▶ [Your objective]:
Omit the images and output every line of the data below exactly.
---*---
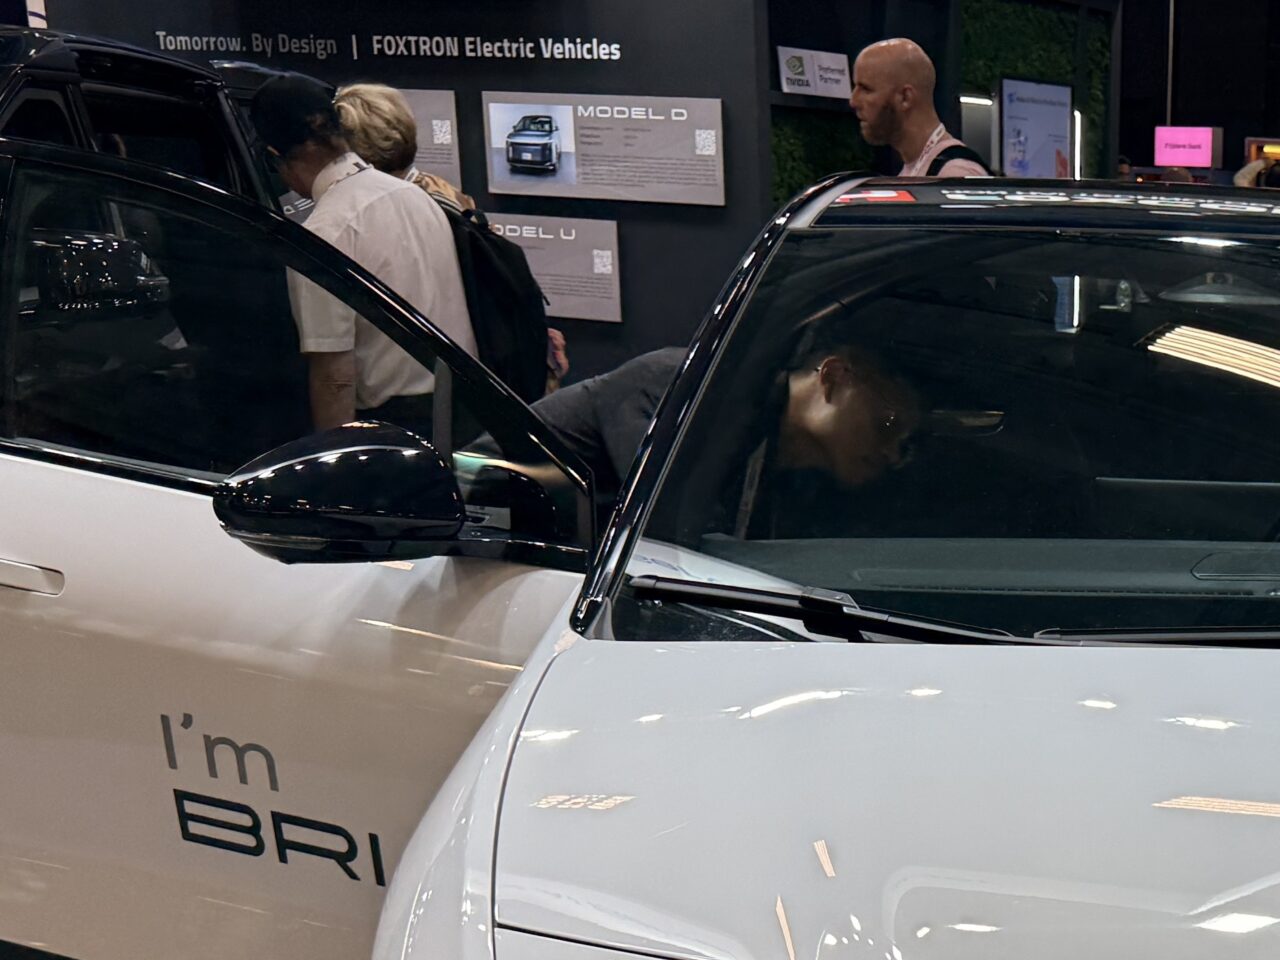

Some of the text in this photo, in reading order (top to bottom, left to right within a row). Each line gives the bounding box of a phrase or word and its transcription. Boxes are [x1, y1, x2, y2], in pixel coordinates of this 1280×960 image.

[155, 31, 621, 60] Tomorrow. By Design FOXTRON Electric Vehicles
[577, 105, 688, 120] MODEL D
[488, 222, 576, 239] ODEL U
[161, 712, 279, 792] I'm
---*---
▶ [Solution for this task]:
Some of the text in this photo, in reading order (top to bottom, left to right within a row). Each line gives the bounding box of a phrase or word and its transcription. Boxes are [x1, y1, x2, y2], in pixel coordinates of this 1280×960 image.

[155, 31, 621, 60] Tomorrow. By Design FOXTRON Electric Vehicles
[577, 105, 688, 120] MODEL D
[488, 222, 576, 239] ODEL U
[161, 712, 279, 792] I'm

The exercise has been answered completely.